Radiol Bras vol.45 no.4 São Paulo jul./ago. 2012

http://dx.doi.org/10.1590/S0100-39842012000400008 

ARTIGO DE REVISÃO REVIEW ARTICLE

 

Tenossinovite e sinovite do primeiro compartimento extensor do punho: o que o ultrassonografista precisa saber*

 

 

Carlos Frederico Arend

Médico Radiologista da Radimagem Diagnóstico por Imagem, Porto Alegre, RS, Brasil

Endereço para correspondência

 

 


RESUMO

A tenossinovite do primeiro compartimento extensor é uma enfermidade frequente, cercada por mitos. O objetivo deste artigo é revisar cientificamente alguns dos aspectos mais pertinentes ao ultrassonografista sobre sua terminologia, fisiopatogenia, diagnóstico e acompanhamento.

Unitermos: Tenossinovite; Ultrassonografia; Quervain; Revisão.


 

 

INTRODUÇÃO

A tenossinovite do primeiro compartimento extensor é uma enfermidade comum, cercada por mitos.
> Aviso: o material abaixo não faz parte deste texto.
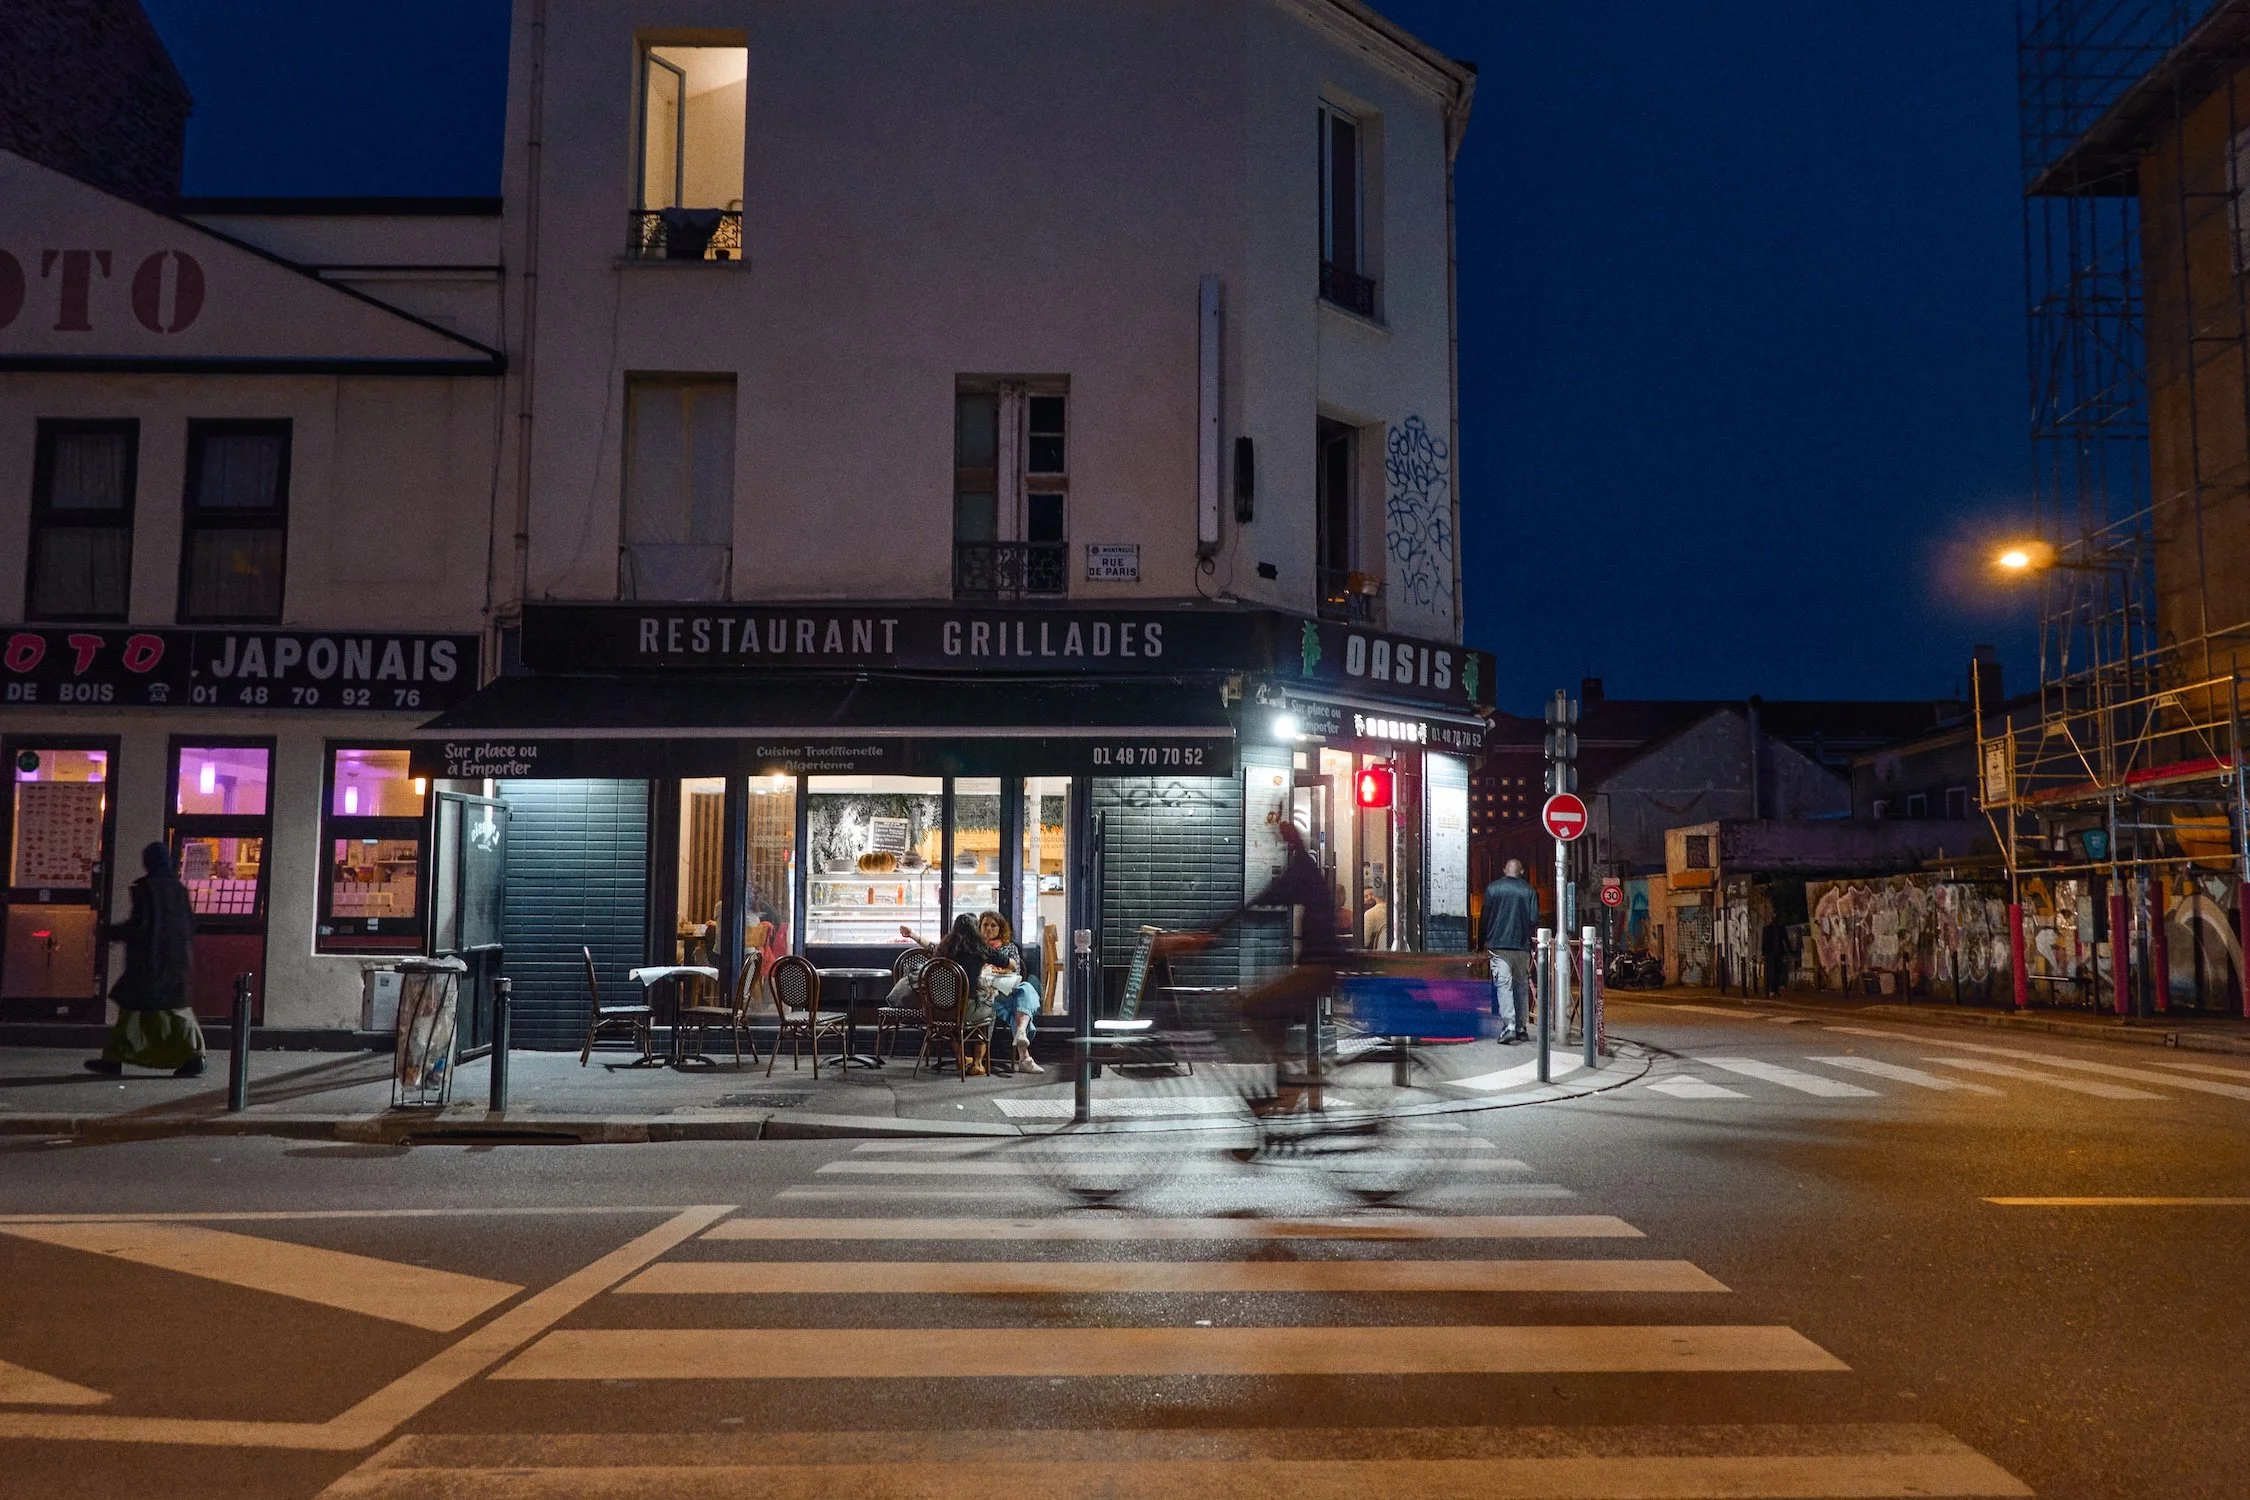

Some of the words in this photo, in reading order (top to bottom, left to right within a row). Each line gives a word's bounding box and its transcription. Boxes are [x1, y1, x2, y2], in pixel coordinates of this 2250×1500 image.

Em anos recentes, nota-se crescente interesse pela utilização da ultrassonografia como instrumento diagnóstico ou pericial em litígios médico-legais envolvendo a doença, sobretudo em demandas trabalhistas.
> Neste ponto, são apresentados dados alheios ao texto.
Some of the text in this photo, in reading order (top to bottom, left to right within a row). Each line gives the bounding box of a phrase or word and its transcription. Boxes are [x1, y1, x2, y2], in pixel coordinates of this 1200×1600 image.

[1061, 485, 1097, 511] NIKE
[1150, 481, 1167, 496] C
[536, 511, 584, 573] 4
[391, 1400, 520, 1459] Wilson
O objetivo deste artigo é revisar cientificamente alguns dos aspectos mais pertinentes ao ultrassonografista sobre a terminologia, a fisiopatogenia, o diagnóstico e o acompanhamento da tenossinovite do primeiro compartimento extensor.

 

SOBRE A TERMINOLOGIA

A tenossinovite do primeiro compartimento extensor do punho é também reconhecida como tenossinovite de Quervain, em homenagem ao cirurgião suíço Fritz de Quervain, também famoso por seus estudos na glândula tireoide. O epônimo, todavia, é de adequação controversa, já que o artigo original descreve simultaneamente os casos de três médicos, Quervain, Sandos e Kocher, este último um antigo chefe de Quervain e ganhador de um prêmio Nobel em 1909 por seus trabalhos com a glândula tireoide(1). A questão do pioneirismo no relato destes casos é igualmente questionável, visto que uma entidade clínica muito similar foi descrita quase 20 anos antes no clássico livro de anatomia de Henry Gray, que cunhou o termo estiramento das lavadeiras(2).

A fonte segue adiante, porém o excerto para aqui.